What you will do: For this exercise, retype all the data exactly and exclude every image.

Material provided:
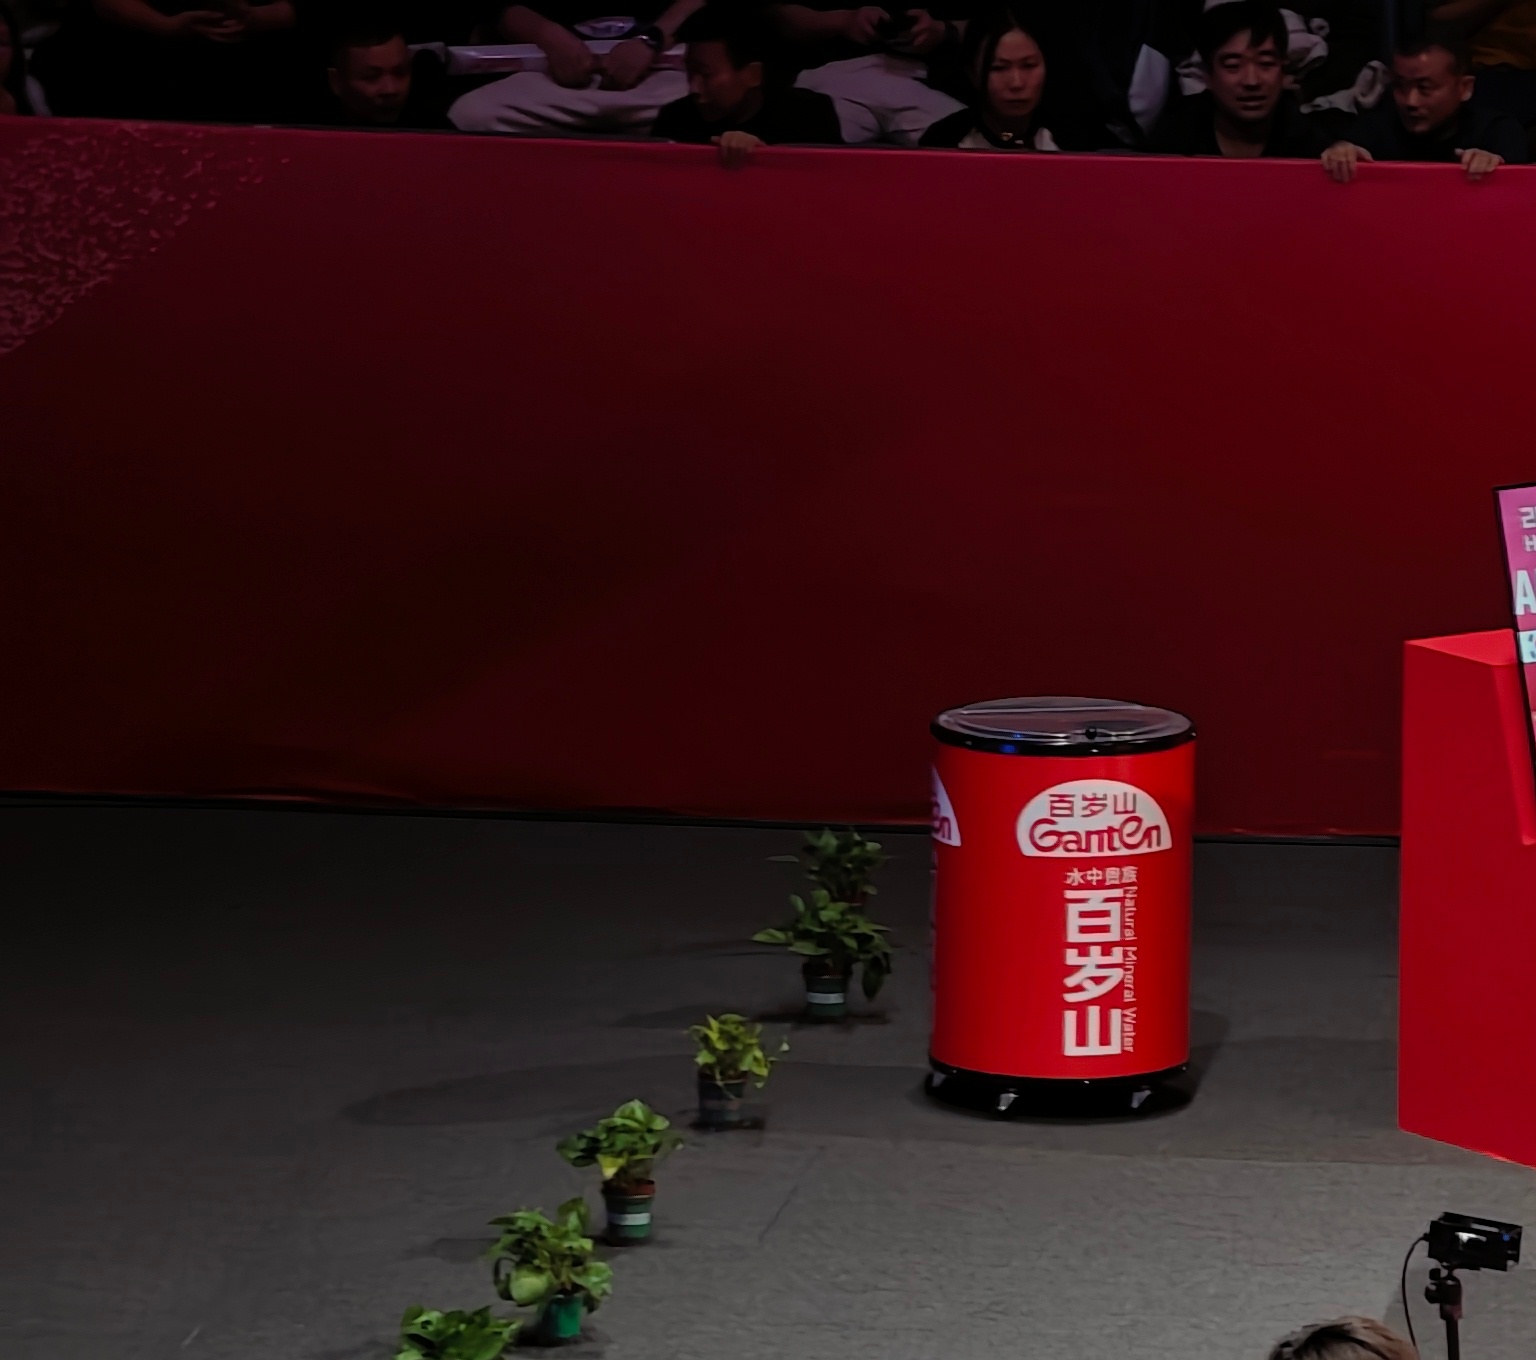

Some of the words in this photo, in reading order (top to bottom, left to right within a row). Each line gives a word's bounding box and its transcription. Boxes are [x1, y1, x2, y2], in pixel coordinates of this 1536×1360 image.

[1048, 791, 1137, 818] 百岁山
[1029, 815, 1162, 853] Ganten
[1063, 888, 1125, 1057] 百岁山
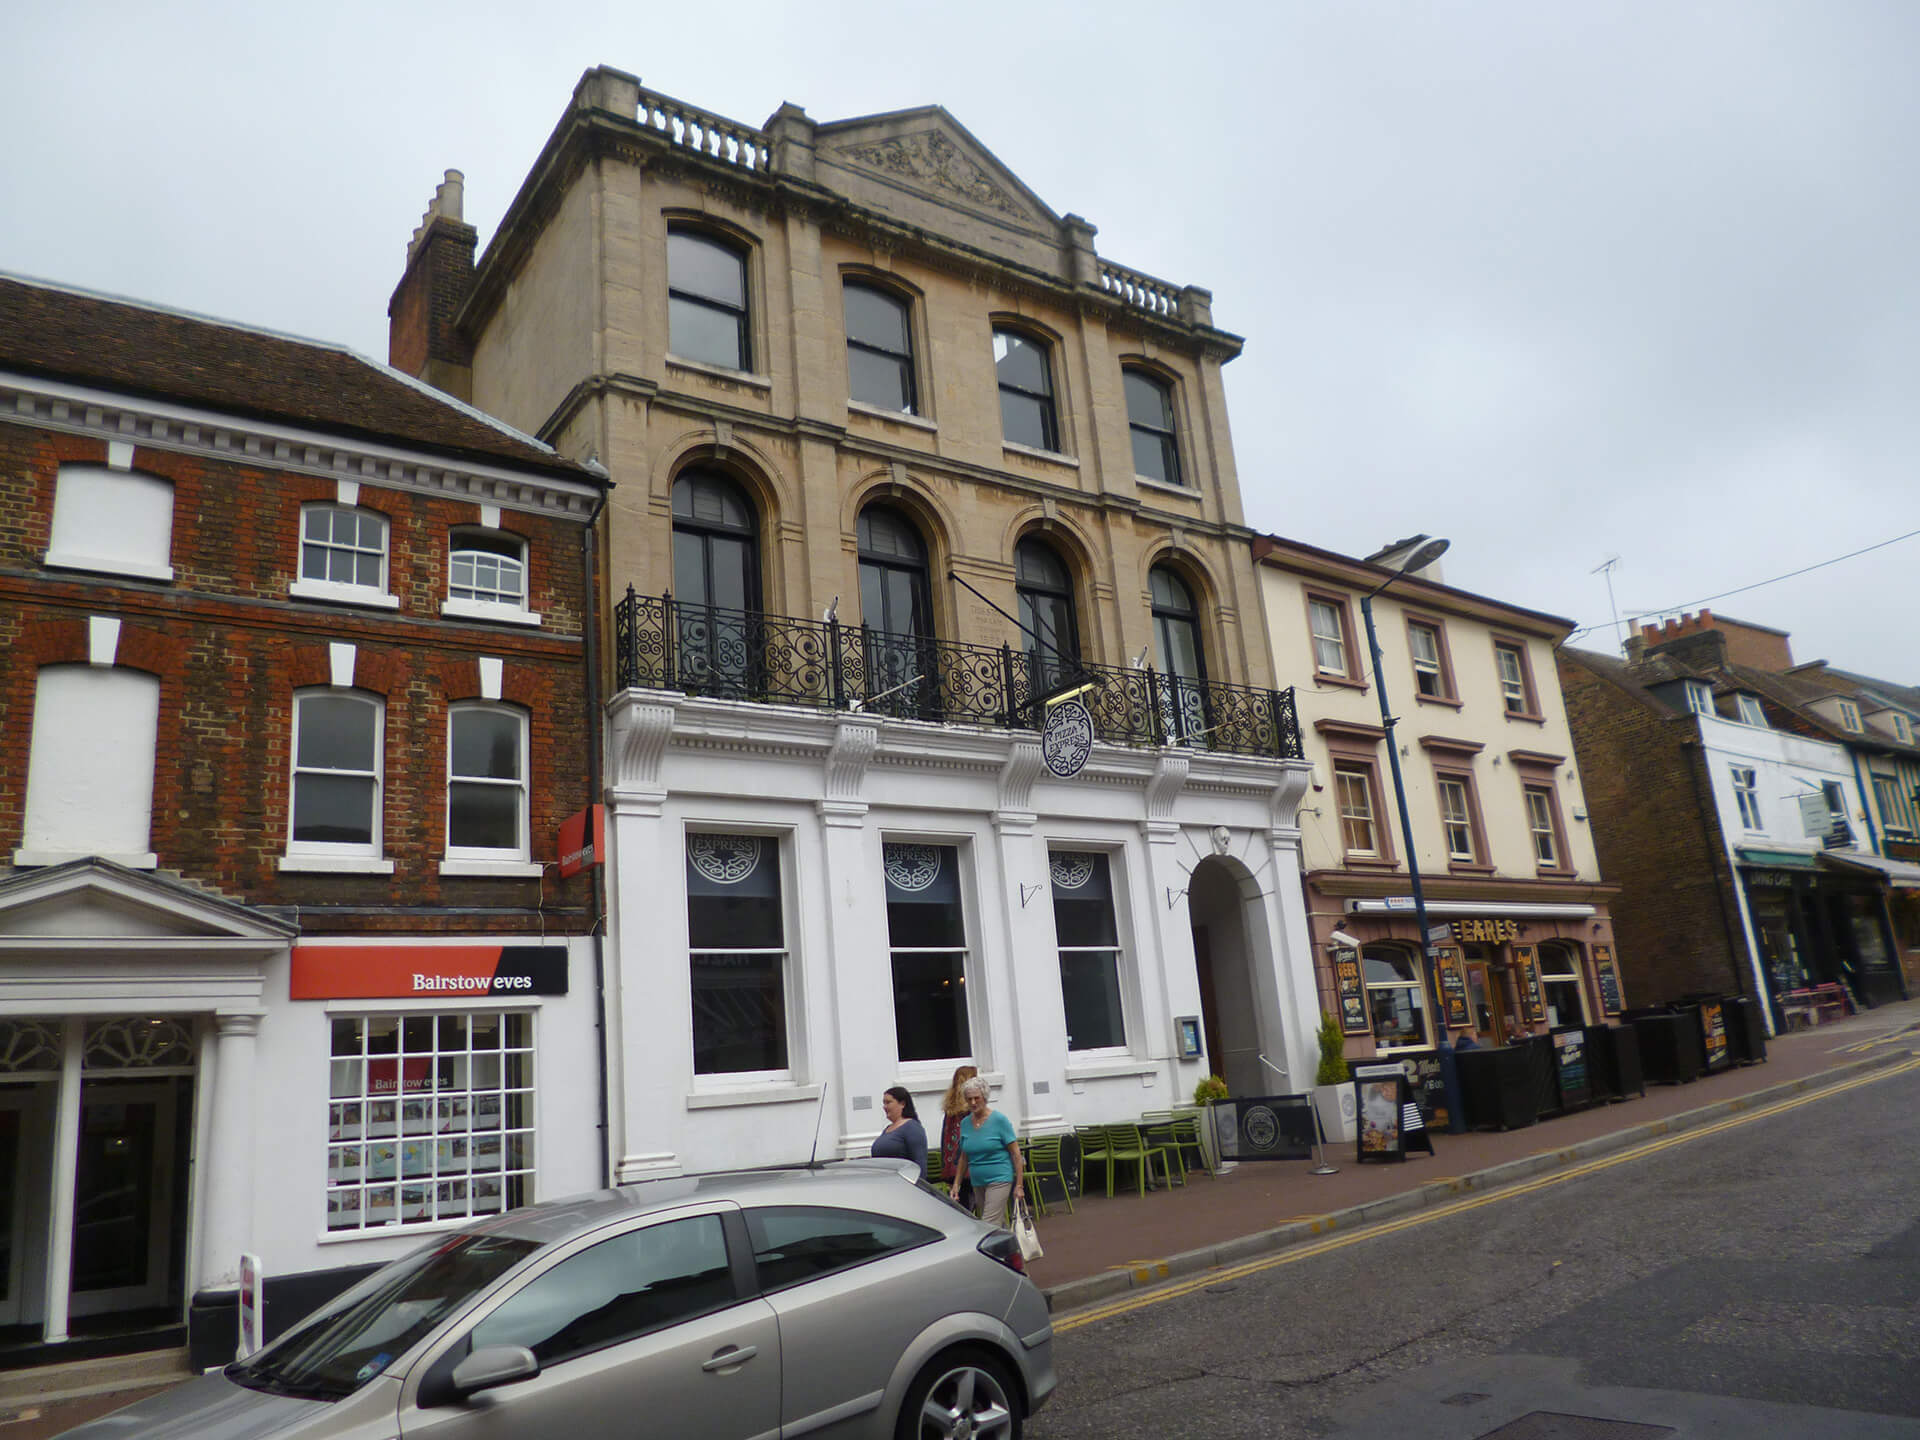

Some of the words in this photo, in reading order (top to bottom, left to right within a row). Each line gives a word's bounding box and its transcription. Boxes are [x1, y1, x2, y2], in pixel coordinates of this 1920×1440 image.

Answer space:
Some of the words in this photo, in reading order (top to bottom, left to right within a row). Each line gives a word's bounding box and its transcription. Boxes are [x1, y1, x2, y2], in pixel coordinates of this 1536×1360 image.

[1048, 791, 1137, 818] 百岁山
[1029, 815, 1162, 853] Ganten
[1063, 888, 1125, 1057] 百岁山

Some of the words in this photo, in reading order (top to bottom, left to right within a row). Each line gives a word's bounding box and its transcription. Boxes are [x1, y1, x2, y2], in pixel coordinates of this 1920×1440 image.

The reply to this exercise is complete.